[Recorded data]
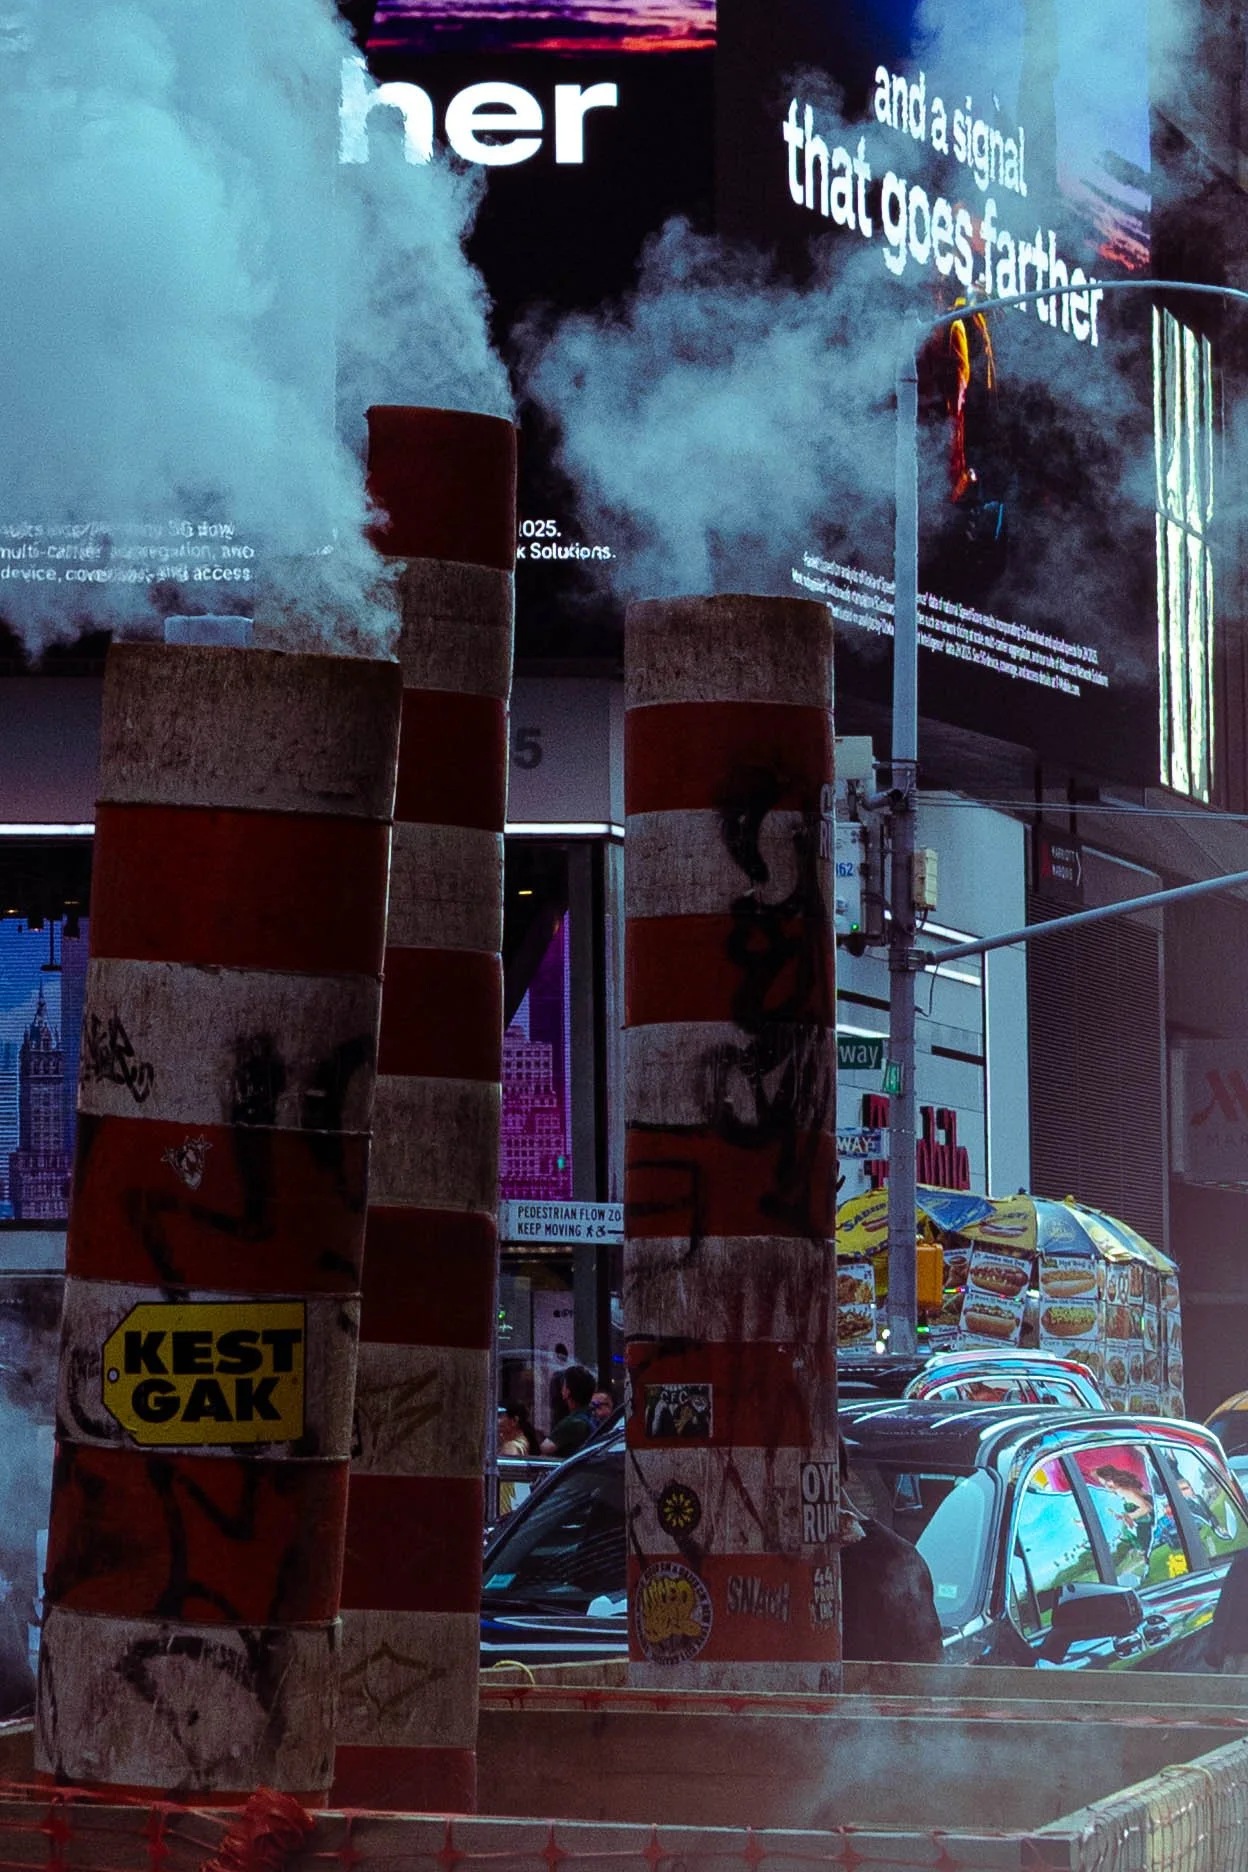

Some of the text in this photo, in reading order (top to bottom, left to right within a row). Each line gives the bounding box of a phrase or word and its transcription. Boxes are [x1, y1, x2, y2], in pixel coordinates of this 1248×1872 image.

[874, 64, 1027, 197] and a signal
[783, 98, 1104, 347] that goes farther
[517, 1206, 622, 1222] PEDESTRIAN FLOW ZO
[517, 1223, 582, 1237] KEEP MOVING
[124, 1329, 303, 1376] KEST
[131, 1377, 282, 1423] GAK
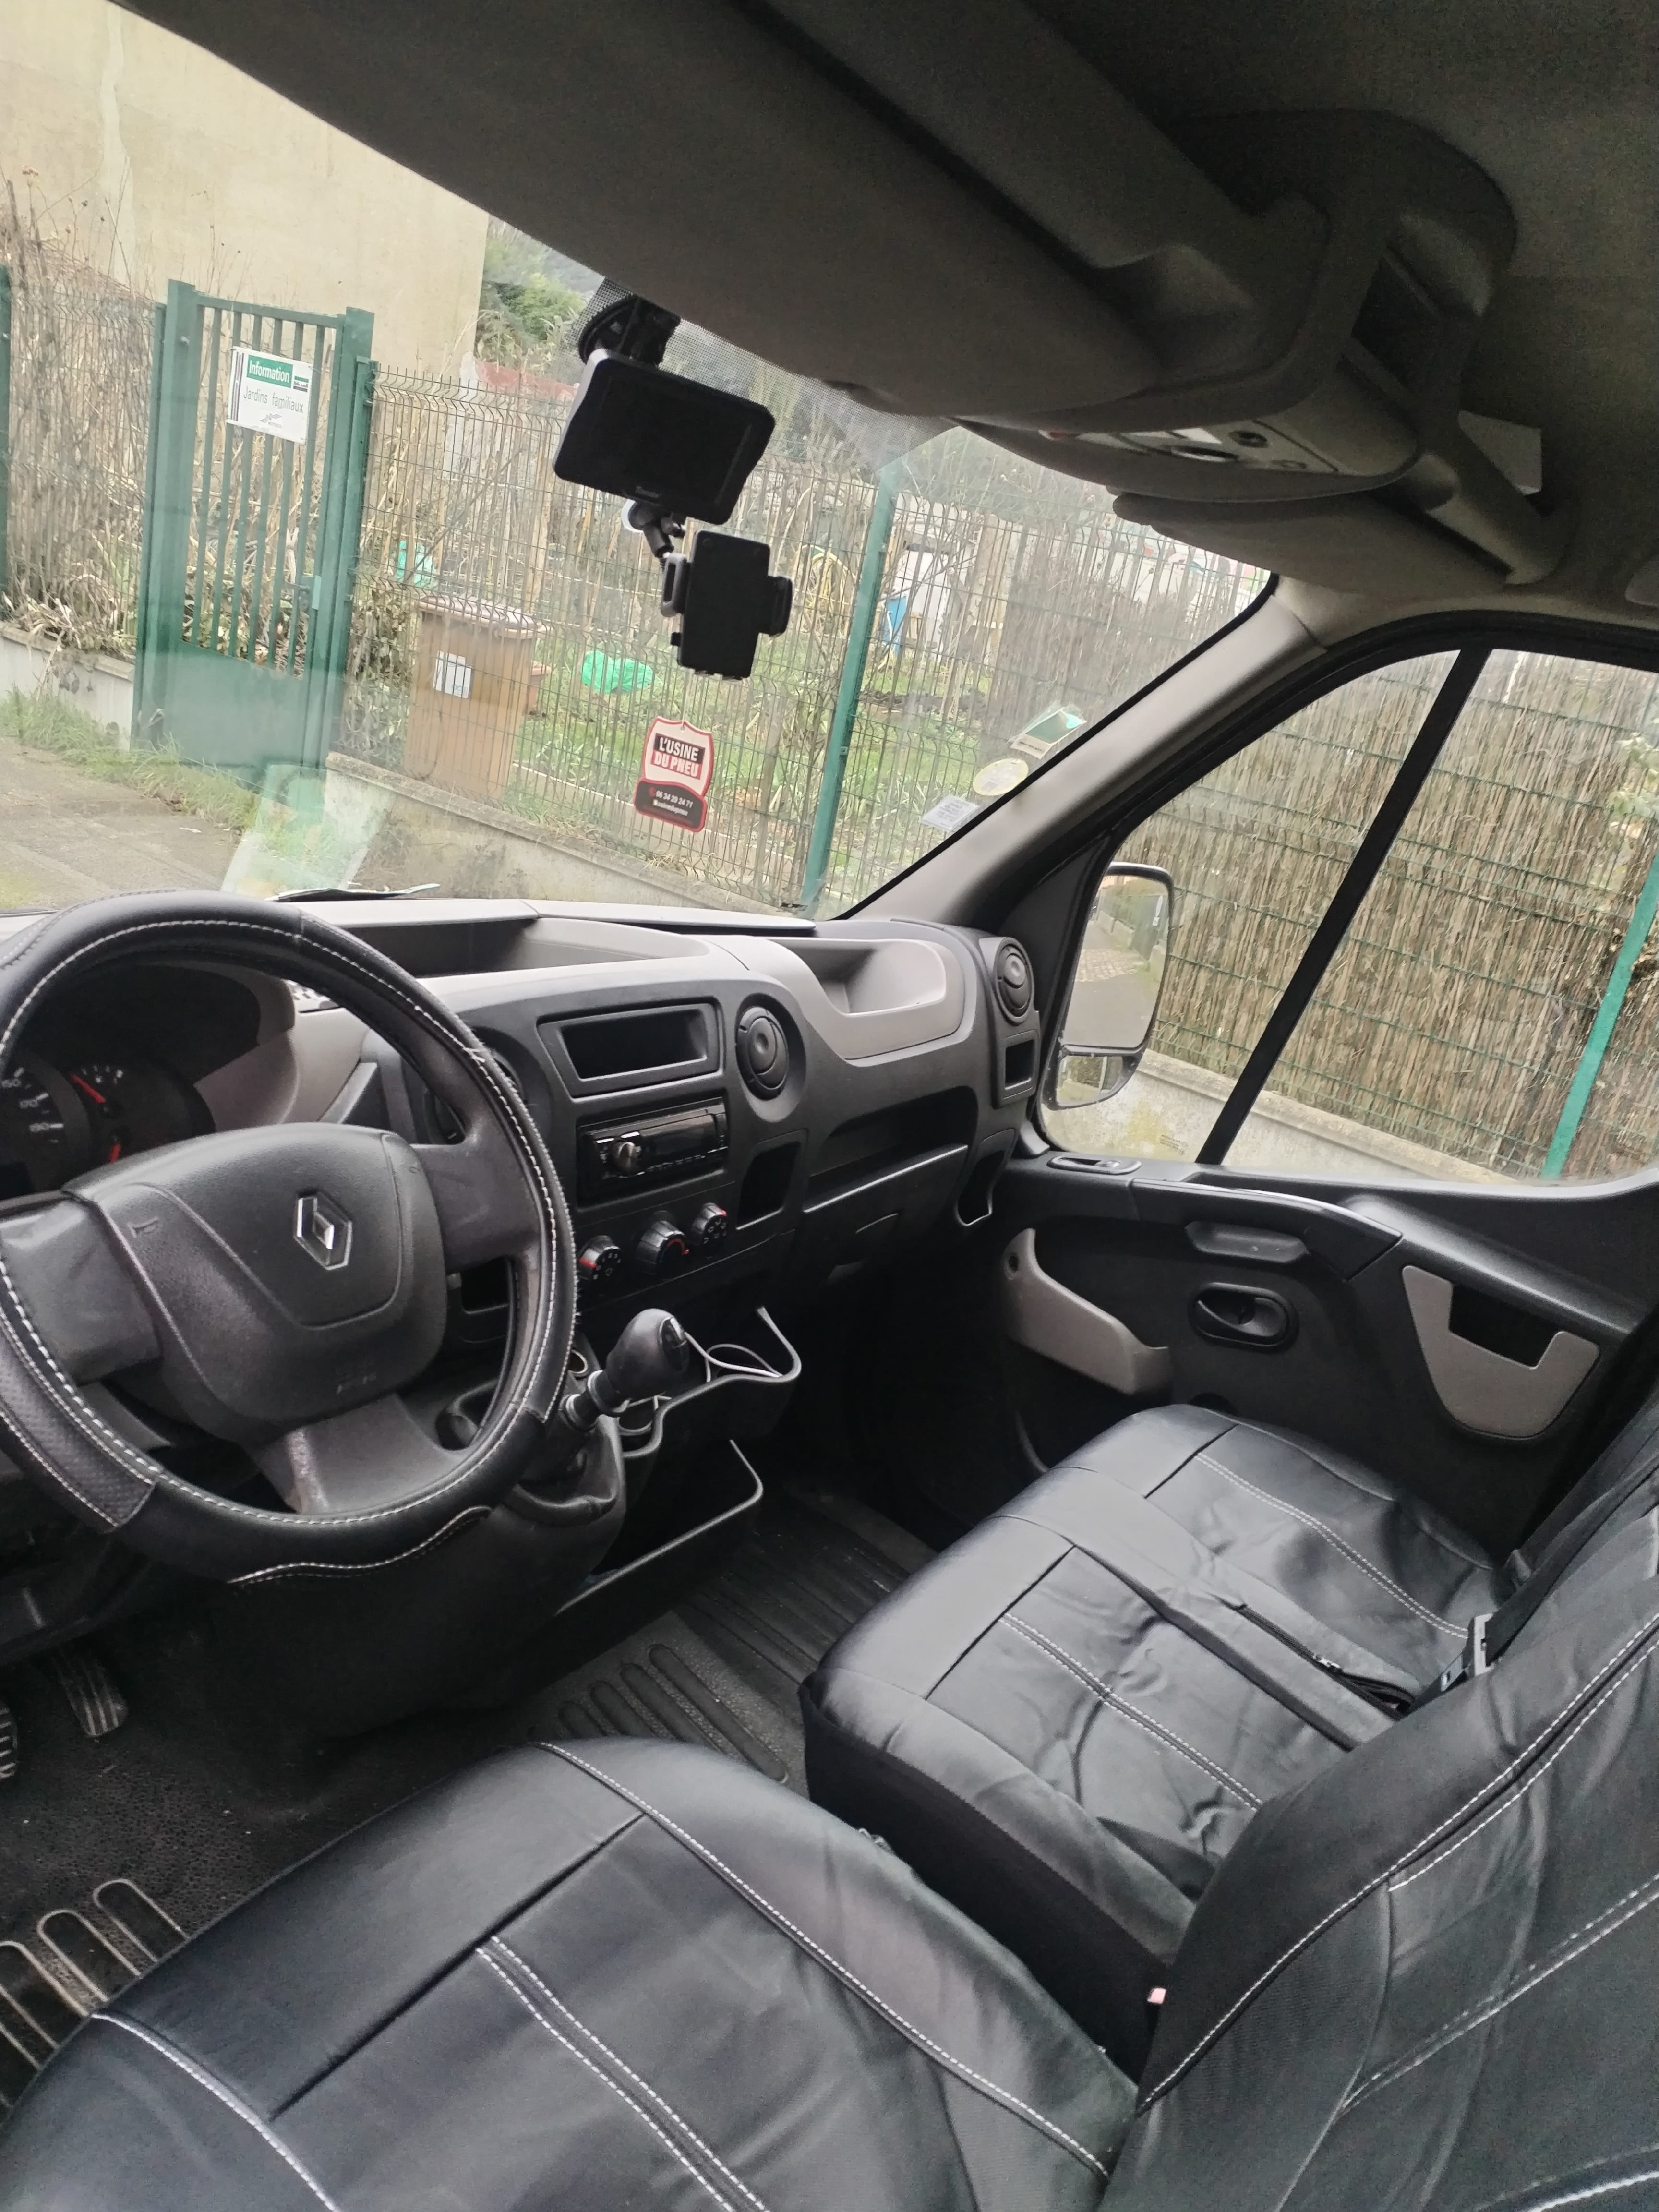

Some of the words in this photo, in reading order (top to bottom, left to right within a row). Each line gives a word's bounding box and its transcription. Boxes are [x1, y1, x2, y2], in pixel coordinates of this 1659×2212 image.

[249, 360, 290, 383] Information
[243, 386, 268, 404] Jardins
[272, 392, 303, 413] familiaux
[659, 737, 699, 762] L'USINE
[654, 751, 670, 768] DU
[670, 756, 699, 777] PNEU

Task brief:
Could you restate the entries word for word, skipping any pictures?

Solution to this problem:
Some of the text in this photo, in reading order (top to bottom, left to right within a row). Each line gives the bounding box of a phrase or word and its transcription. Boxes are [x1, y1, x2, y2], in pixel coordinates of this 1248×1872 image.

[874, 64, 1027, 197] and a signal
[783, 98, 1104, 347] that goes farther
[517, 1206, 622, 1222] PEDESTRIAN FLOW ZO
[517, 1223, 582, 1237] KEEP MOVING
[124, 1329, 303, 1376] KEST
[131, 1377, 282, 1423] GAK

Some of the words in this photo, in reading order (top to bottom, left to right within a row). Each line gives a word's bounding box and its transcription. Boxes are [x1, y1, x2, y2], in pixel coordinates of this 1659×2212 image.

[249, 360, 290, 383] Information
[243, 386, 268, 404] Jardins
[272, 392, 303, 413] familiaux
[659, 737, 699, 762] L'USINE
[654, 751, 670, 768] DU
[670, 756, 699, 777] PNEU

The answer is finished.